Tuesday, March 17, 2015

Learning from Critiquing by Andy Scheer

This morning I critiqued nine magazine articles. In the next few days, I need to evaluate another fifty-three.

In judging a national contest, I hope to offer writers and editors specific suggestions so they can improve their craft. In exchange I'll get a modest honorarium. But I'll receive a bigger benefit the entrants may not realize.

As I'm forced to analyze individual components, I see things I'd miss if I were just reading. As I search for what worked and what didn't, I also learn about the craft. I'm reminded why certain techniques shine and others fail. I find examples worth following.

I can't simply give a thumbs-up or thumbs-down. My score comes from weighing five elements. For each article, I have to pay attention to:
1) The idea (timeliness, appeal)
2) Effective development of idea
3) Writing style
4) Use of imagery/emotion
5) Originality of treatment

I'm also expected to make comments – offering examples for all five of where and why they succeeded or missed the mark. That means I need to pore over each piece.

If you're reading this, I hope you participate in a critique group. As you do, please take full advantage of the opportunity.

Yes, the other writers can learn from your comments. But that's the tip of the iceberg.

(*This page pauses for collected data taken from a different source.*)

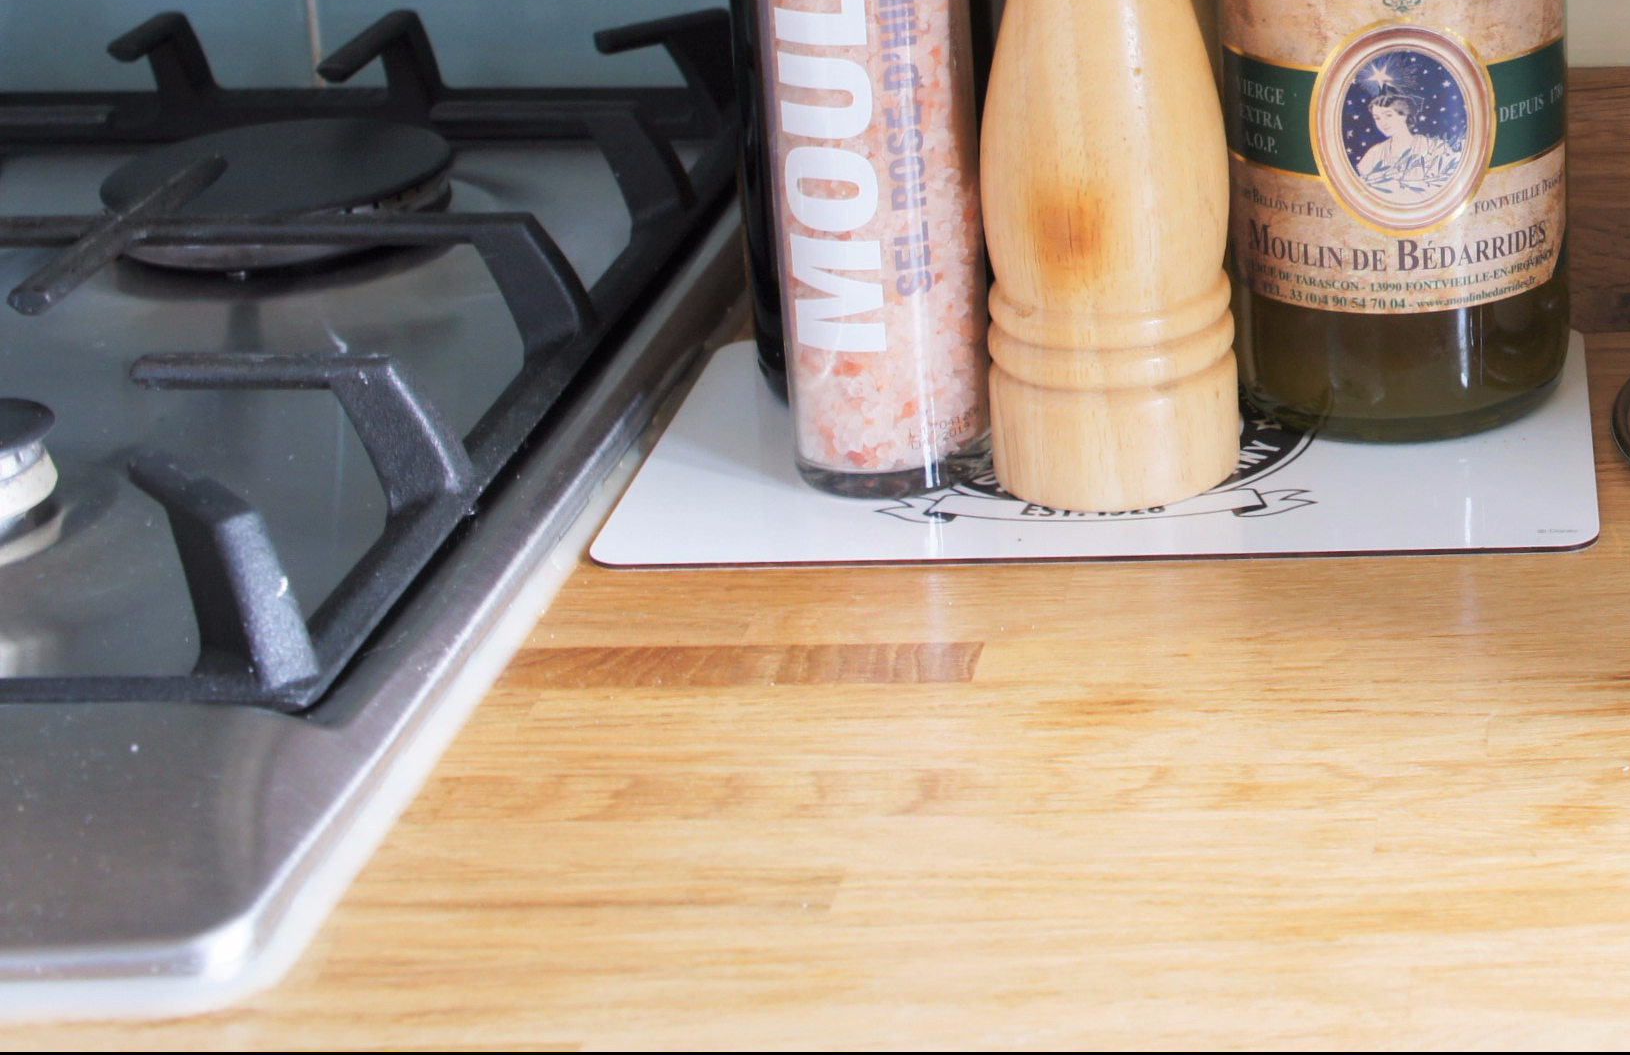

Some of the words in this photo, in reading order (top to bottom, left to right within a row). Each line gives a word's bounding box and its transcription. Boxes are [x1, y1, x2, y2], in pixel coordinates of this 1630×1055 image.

[1236, 75, 1286, 106] VIERGE
[1240, 103, 1284, 131] EXTRA
[1500, 93, 1545, 123] DEPUIS
[1291, 203, 1304, 214] ET
[1306, 201, 1334, 220] FILS
[1474, 183, 1543, 215] FONTVIEILLE
[894, 221, 932, 297] SEL
[1248, 217, 1345, 270] MOULIN
[1352, 247, 1388, 272] DE
[1397, 219, 1547, 272] BÉDARRIDES
[1295, 274, 1359, 292] TARASCON
[1370, 281, 1402, 293] 13990
[1332, 295, 1347, 307] 90
[1351, 297, 1366, 309] 54
[1371, 298, 1386, 310] 70
[1390, 298, 1406, 309] 04

As for me, I hope the next fifty-three entries prove as valuable as the first.

5 comments:

Linda Glaz said...

Most important writing tool ever. Critters are the best!

Duchess Writer said...

I recently judged a writers' contest, and I agree. I learned so much about my own writing by looking at others' work.

Diana Flegal said...

Loved how you listed the 5 important elements of critique Andy. Great post with a great takeaway. I hope the writers know how fortunate they are to have you looking over and commenting on their work.

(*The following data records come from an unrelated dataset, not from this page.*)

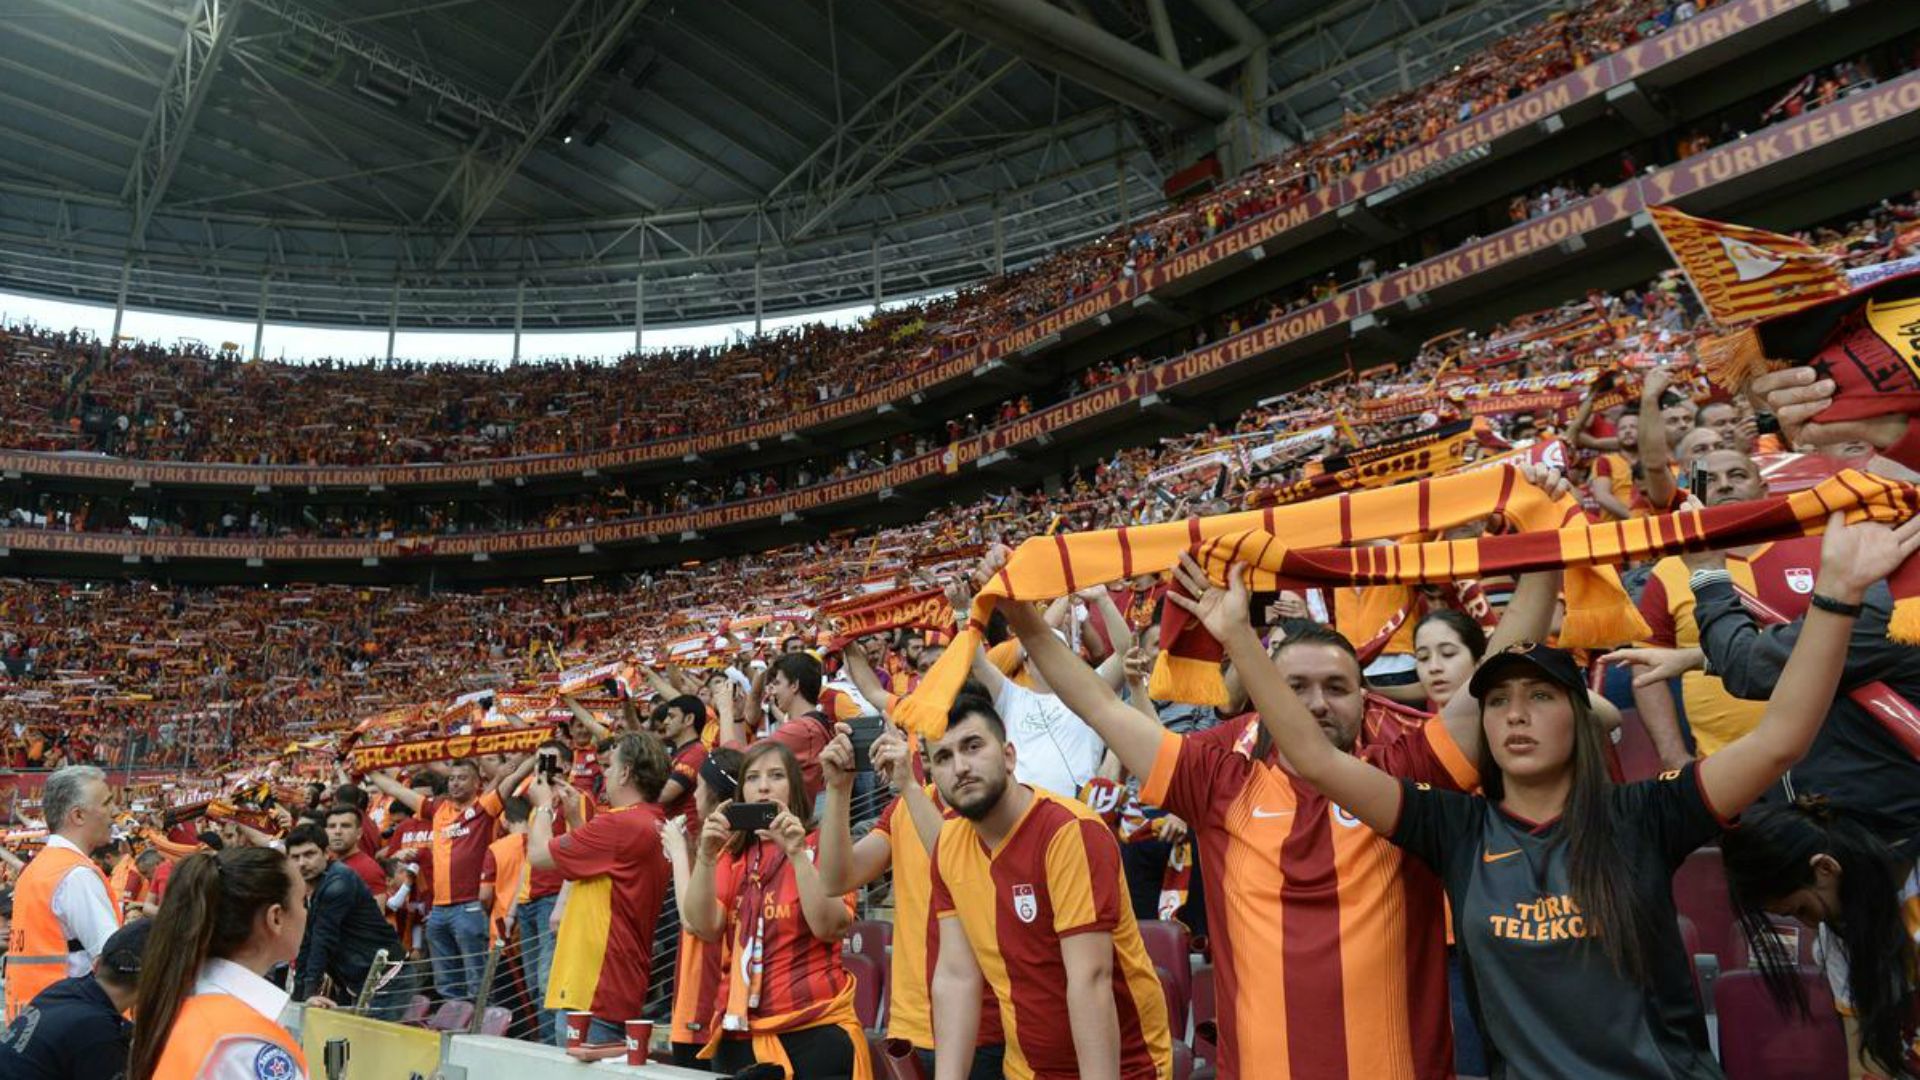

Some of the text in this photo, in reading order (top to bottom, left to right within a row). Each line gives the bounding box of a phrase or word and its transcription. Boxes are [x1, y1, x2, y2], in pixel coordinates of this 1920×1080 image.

[1657, 5, 1748, 60] TÜRK
[1376, 84, 1572, 187] TÜRK TELEKOM
[1690, 81, 1920, 190] TÜRK TELEKO
[1161, 203, 1310, 283] TÜRK TELEKOM
[1393, 205, 1597, 297] TÜRK TELEKOM
[996, 291, 1111, 352] TÜRK TELEKOM
[1172, 308, 1325, 380] TÜRK TELEKOM
[882, 354, 976, 405] TÜRK TELEKOM
[692, 420, 788, 452] TÜRK TELEKOM
[788, 396, 881, 430] TÜRK TELEKOM
[1002, 388, 1120, 444] TÜRK TELEKOM
[590, 441, 689, 468] TÜRK TELEKOM
[884, 441, 981, 487] TÜRK TELOM
[689, 497, 788, 529] TÜRK TELEKOM
[788, 476, 882, 509] TÜRK TELEKOM
[371, 541, 400, 558] TÜR
[587, 514, 687, 543] TÜRK TELEKOM
[1490, 915, 1592, 941] TELEKO
[1515, 895, 1582, 922] TÜRK

Andy Scheer, Hartline Literary said...

While those can be key elements of a critique, in this case they were simply the judging criteria for the contest. But having some criteria--whatever they are--sure keeps your evaluation focused.

Diana Flegal said...

Yes, I was thinking in the critique of a book length nonfiction book I would add as the 6th element: target- Are they hitting their target audience well. And in fiction critique the 7th might be if their characters are believable, but for the article length- these are excellent.